Exciting Times for the Hek

What up!

It’s times like these I thank goodness for Peter Dunne’s hair, Winston’s crazy left brain and the Prime Minister’s constant discrepancies with reality. Nobody’s asked me about national standards, teaching or chartnership schools.

I love being anonymous.

You know, I was talking with some learners the other day and they were all unanimous. We love you Hekia they were saying. We love how you get to the nub of the issue with your no-nonsense style of telling it like it could possibly be given that we don’t have all the information yet.

It was clear to me, and everyone attending this cash handout at a prestigious private school somewhere near central Newmarket, that education is flying high. Never have we been so close to the precipice.

All the learners I was talking to, some of whom had come straight from their school ball after-party, were adamant that their education had been totally fantastic.

A fantastic education is so important to a young and financially secure teen leaders.

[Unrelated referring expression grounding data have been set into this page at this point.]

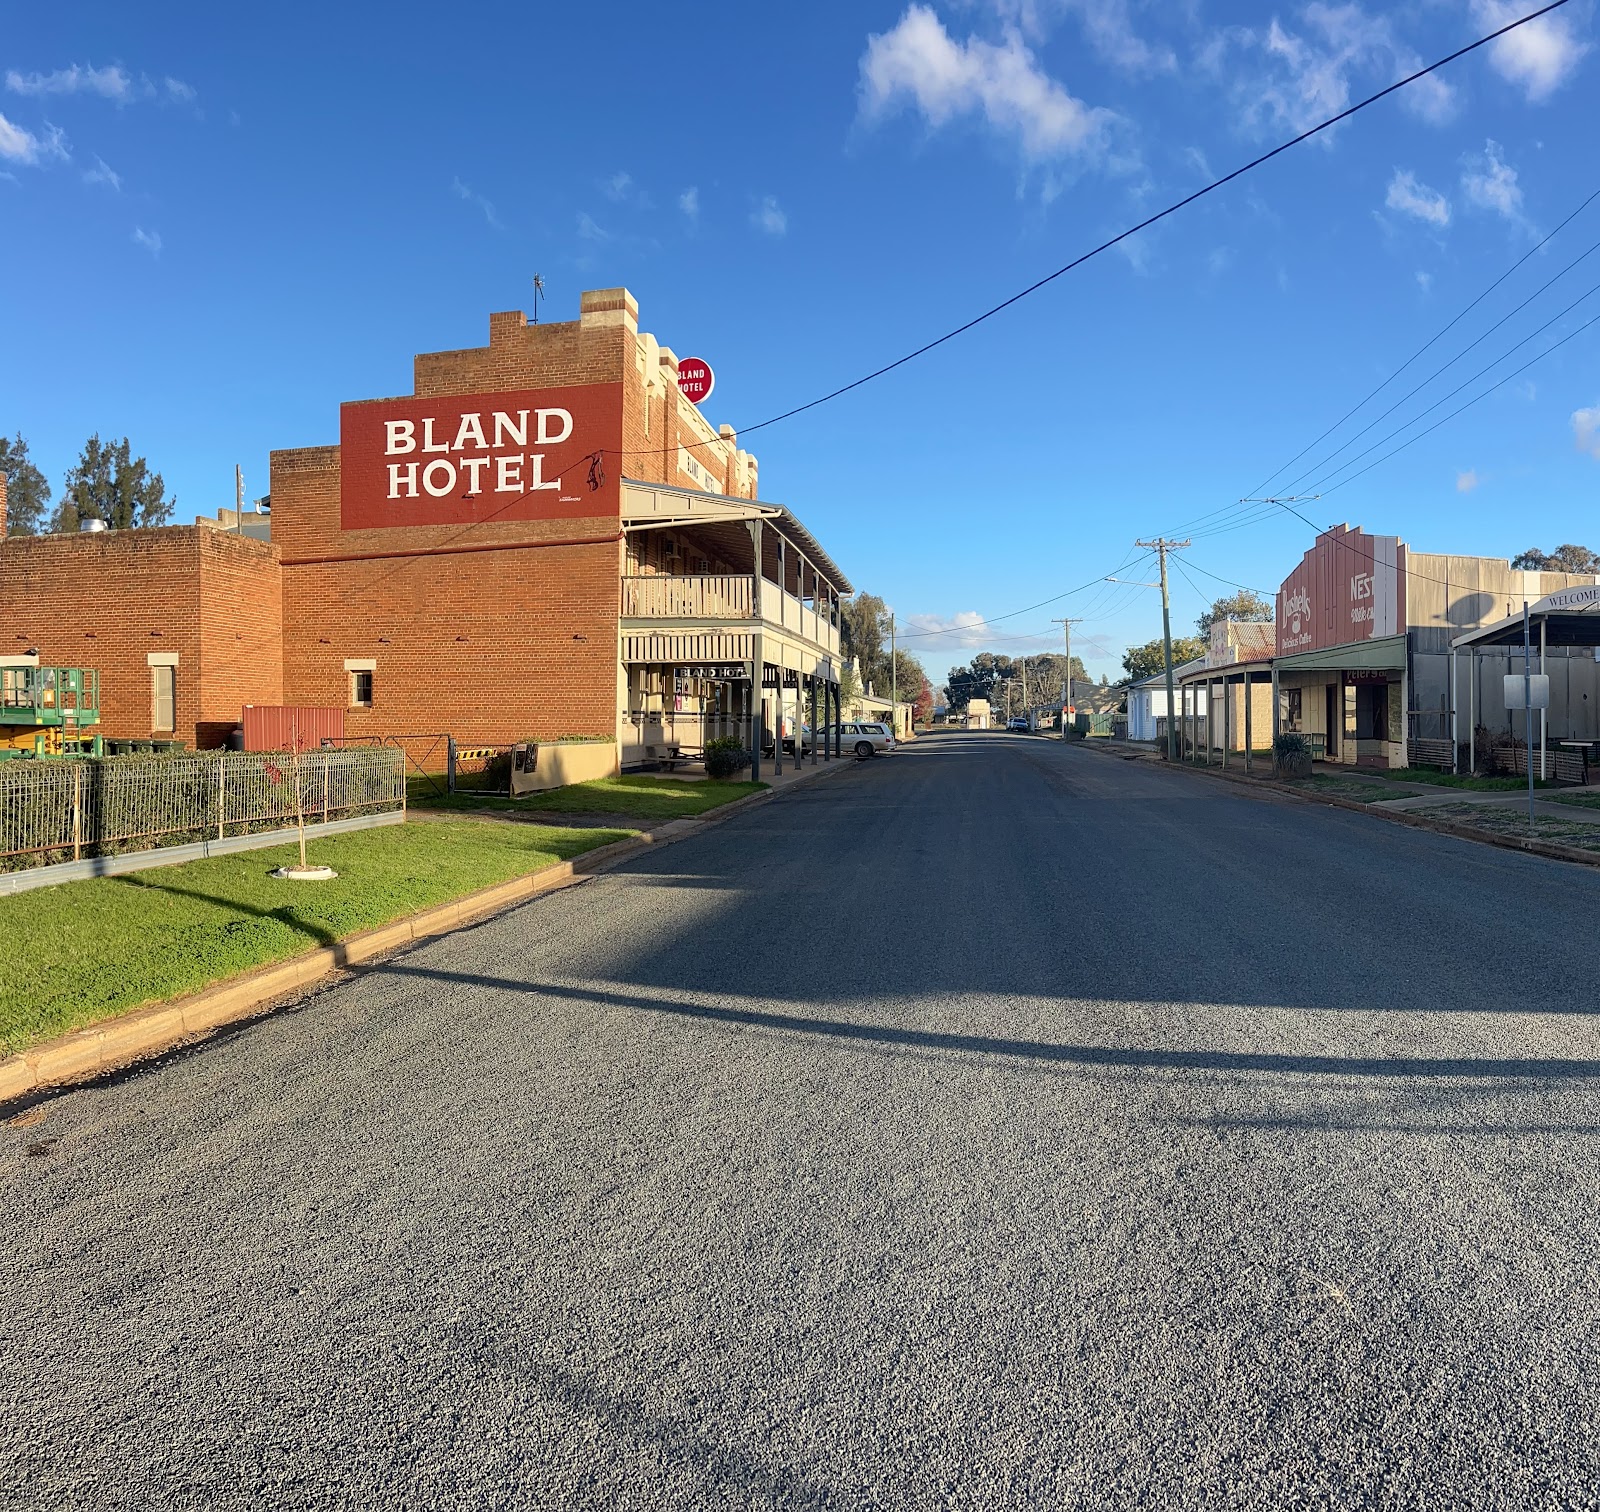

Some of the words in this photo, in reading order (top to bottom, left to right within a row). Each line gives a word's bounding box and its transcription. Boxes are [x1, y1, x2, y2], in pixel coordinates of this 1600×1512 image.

[678, 369, 705, 380] BLAND
[383, 407, 574, 456] BLAND
[386, 452, 562, 499] HOTEL
[1549, 588, 1600, 607] WELCOME
[680, 668, 717, 678] BLAND

As I looked around the room I saw many, many parents following my every stage movement with their surgically enhanced eyes. It was important to me to put their minds at rest.

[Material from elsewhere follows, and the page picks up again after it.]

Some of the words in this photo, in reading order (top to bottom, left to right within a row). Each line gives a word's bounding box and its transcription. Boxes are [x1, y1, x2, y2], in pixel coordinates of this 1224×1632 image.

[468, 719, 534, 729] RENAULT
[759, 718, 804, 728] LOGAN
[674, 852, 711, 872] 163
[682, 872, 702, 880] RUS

“At no time ever,” I began, “will your children ever have to work for anything ever.”

As the ovation died down I continued.

“We are at a cusp,” I said, “where we could go one of two ways. Either we have a public education system that is the best in the world – the envy of so many jurisdictions around the western world – or we can have the one that you want.”

Many didn’t know where I was going with this. However it was hard for me to tell whether they were sad, angry, outraged or ecstatic thanks to the prevalence of the Fonterra-supplied Botulinum toxin circulating in the faces of my audience. I carried on.

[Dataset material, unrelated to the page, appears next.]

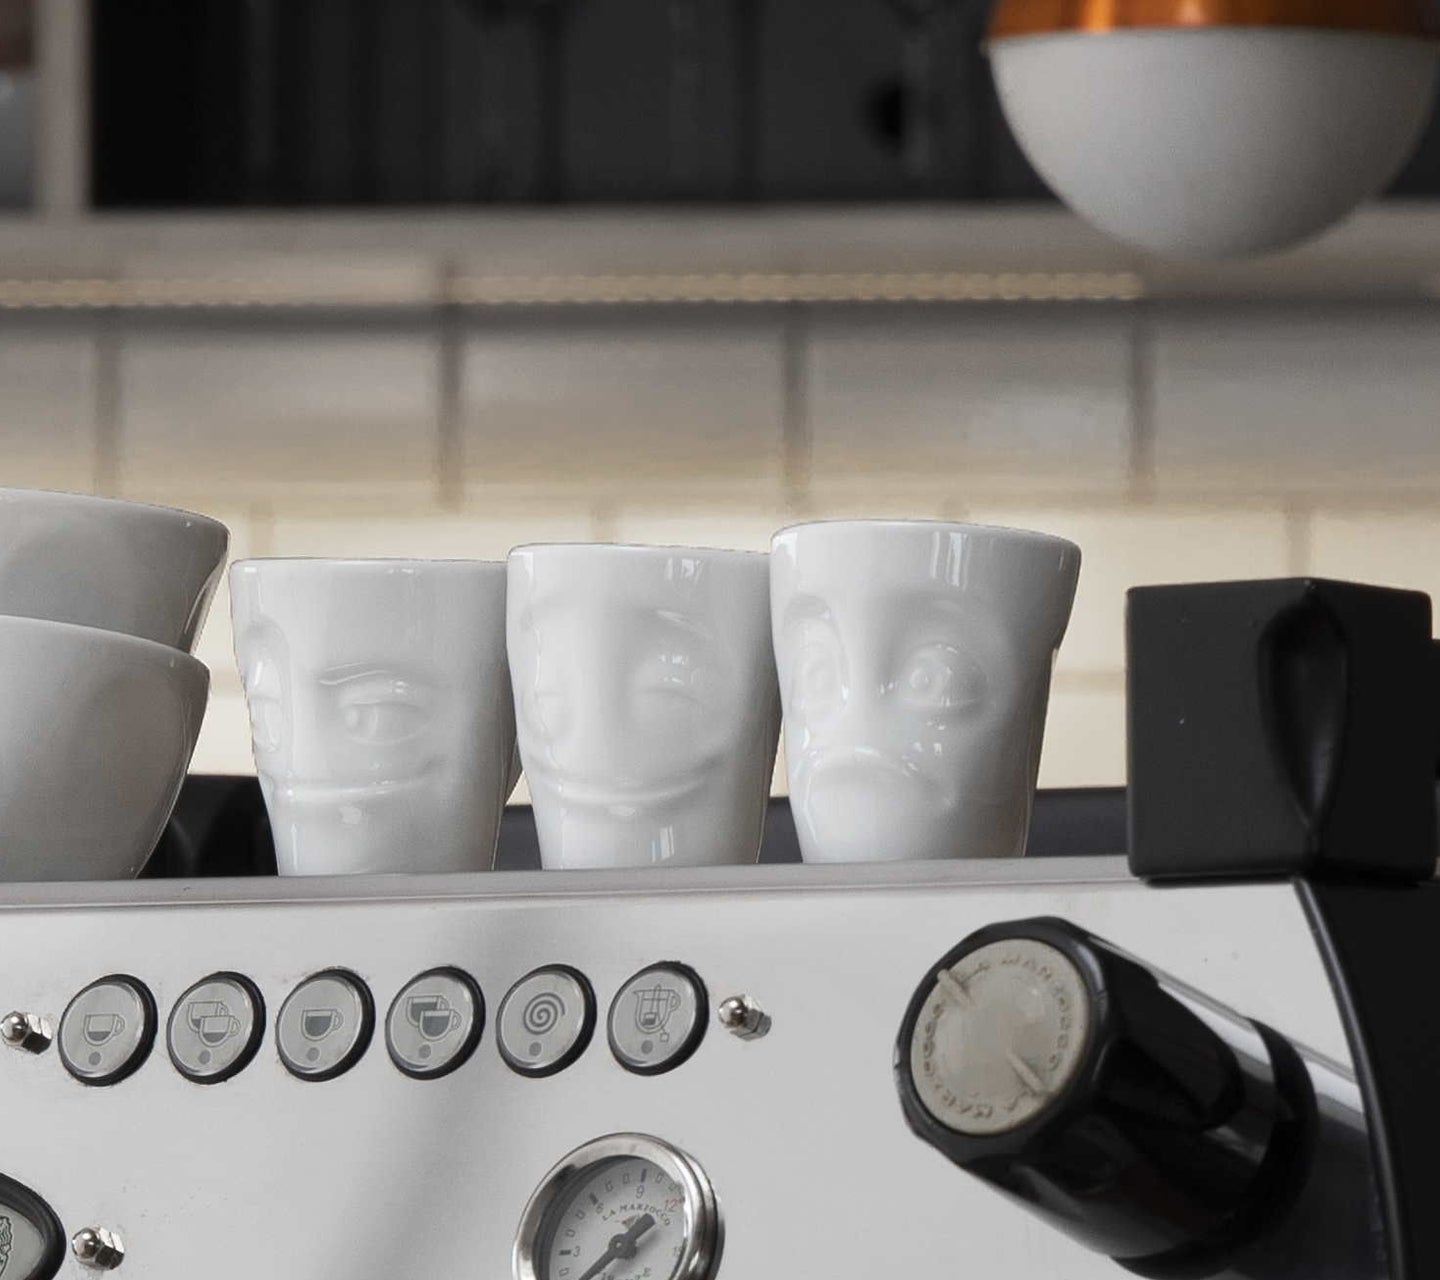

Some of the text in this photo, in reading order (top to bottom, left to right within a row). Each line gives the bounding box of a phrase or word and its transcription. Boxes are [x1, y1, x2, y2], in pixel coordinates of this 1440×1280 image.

[636, 1184, 645, 1198] 9
[620, 1204, 670, 1226] MARZOCCO
[573, 1245, 581, 1258] 3

“As a government we are prepared to pay for everything to do with your boy’s education – teachers, support staff, buildings, lodgings, sports equipment, school trips, iPads, Galaxy tablets, mobile phones, smartphones, late-night Swedish tutors, and officially sanctioned NCEA exam takers. We are not, however, in the business of providing this sort of thing to everybody.”

At that moment a parent of one of the “scholarship / make the school look altruistic” students piped up, “What about all those kids in South Auckland whose parents struggle to put food on the table and clothes on their back because their too busy working several jobs to make sure they can pay their power bill to a government-owned power company?”

I let the laughter run its natural course and as the woman left I started the powerpoint that showed how all the money we used last year for Reading Recovery was being funneled into a new bridge lounge for the head-master and the board.

These are very exciting times in education. Long may the redistribution continue.